24 Nov 2007

Dukkah?!

Happy memories, when I hear this phrase a flash of a child with colorful ice-cream playing with his parents who smile at each other all the time in a green wide garden with a dog playing frisby with him and the sun is shinning and a …..lablabla.
Wait a minute! This is not my happy memory, I squeezed my mind to search for one happy memory when I was really happy, I couldn’t find!
It is not that I had a miserable life, no… my childhood was great and my life is full of “suppose to be” happy memories… but I wasn’t happy, I wasn’t sad too but I just wasn’t satisfied enough.
Even those glorious moments of school and after school activities when you supposed to feel like a star, when you are famous and appreciated by your teachers and friends and yet …those were not exactly happy moments.
Laughing, talking and all shared activities with friends who I do really love, are still not enough for my “happiness”.
They say charity work makes you feel better about yourself and you feel HAPPY… well, even charity work doesn’t give me happy moments, I feel happy of course but not the ultimate pure happy moments.

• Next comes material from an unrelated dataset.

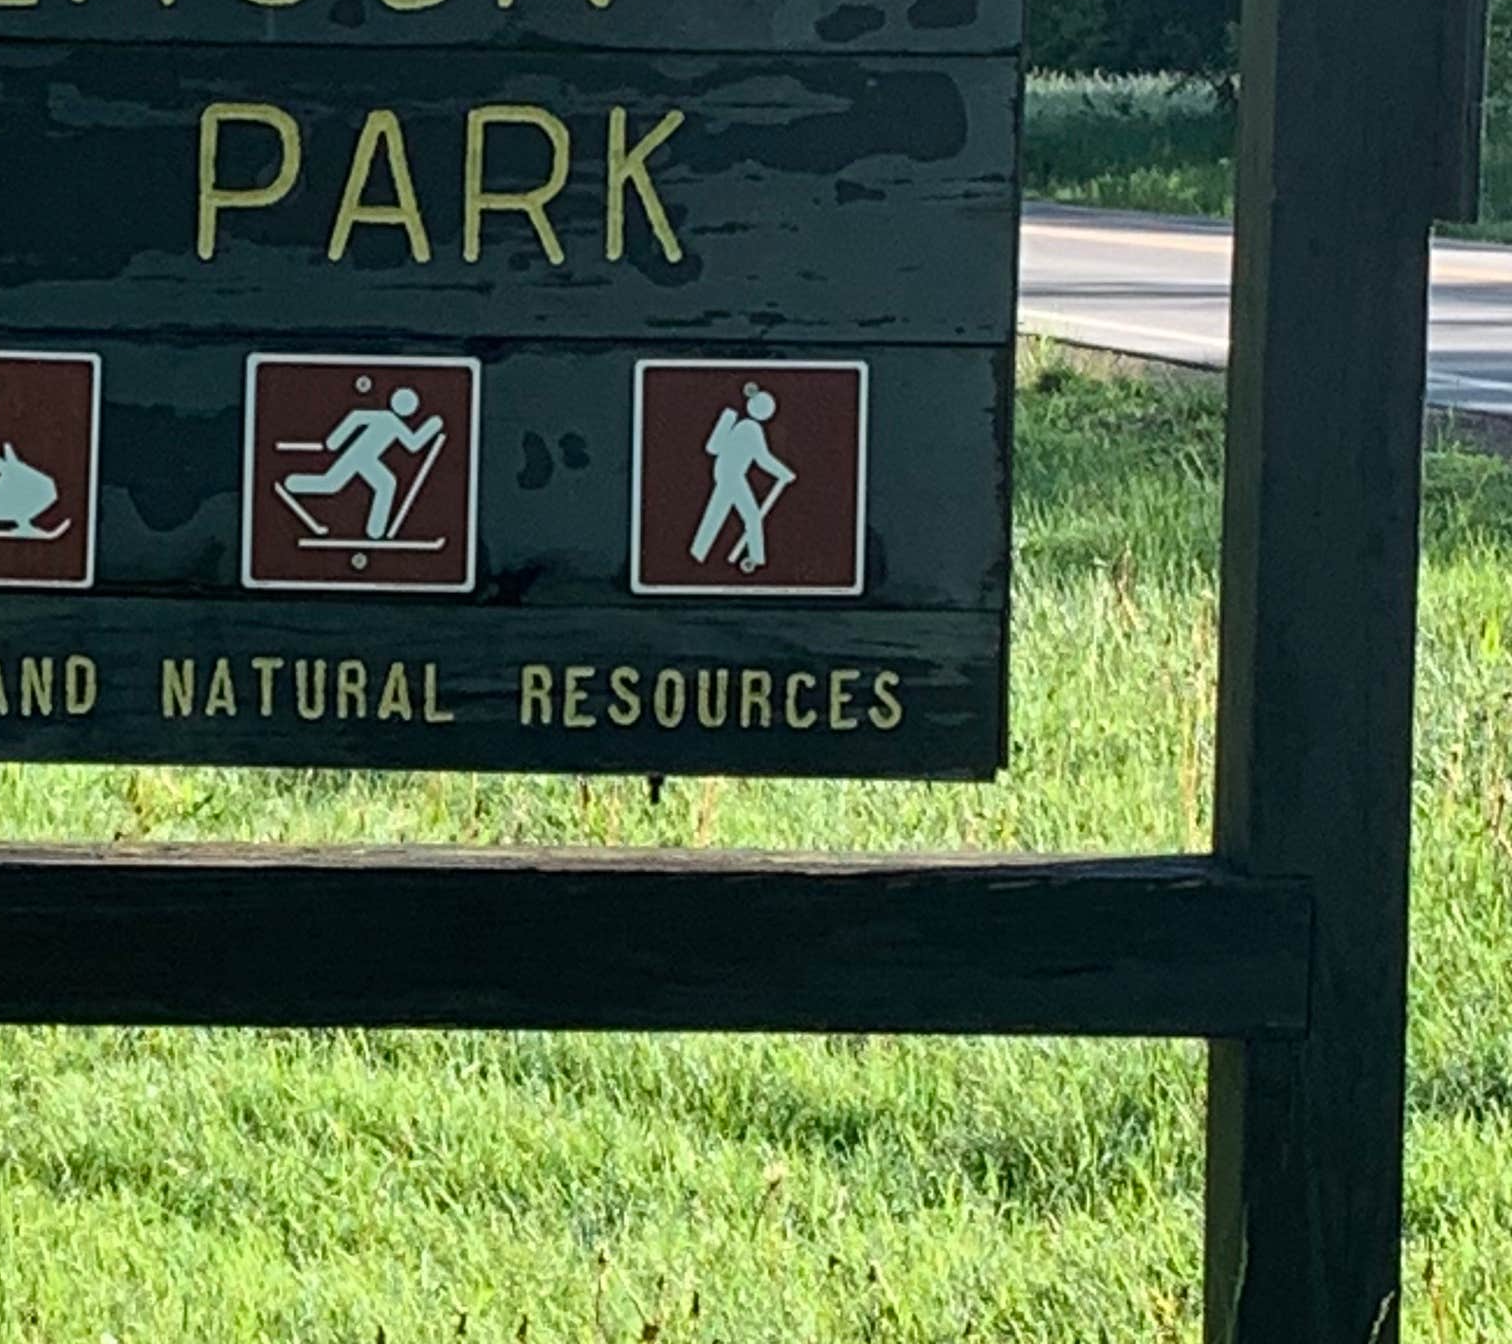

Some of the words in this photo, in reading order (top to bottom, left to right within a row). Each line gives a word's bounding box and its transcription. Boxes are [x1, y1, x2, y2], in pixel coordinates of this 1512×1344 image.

feeling disappointment for no particular reason, Emptiness, shallowness is what ruin those moments for me...
I am not depressed as you may think, I am happy, jumping, running, laughing, going out…. but I am not living any happy moments.
That reminds me of the "Dukkah", –not the food of course!-, but what Buddha described it as the first noble truth out of four.

So ..... I will end your “Dukkah" and stop talking for now, in hope to really live those pure ultimate happy moments some day.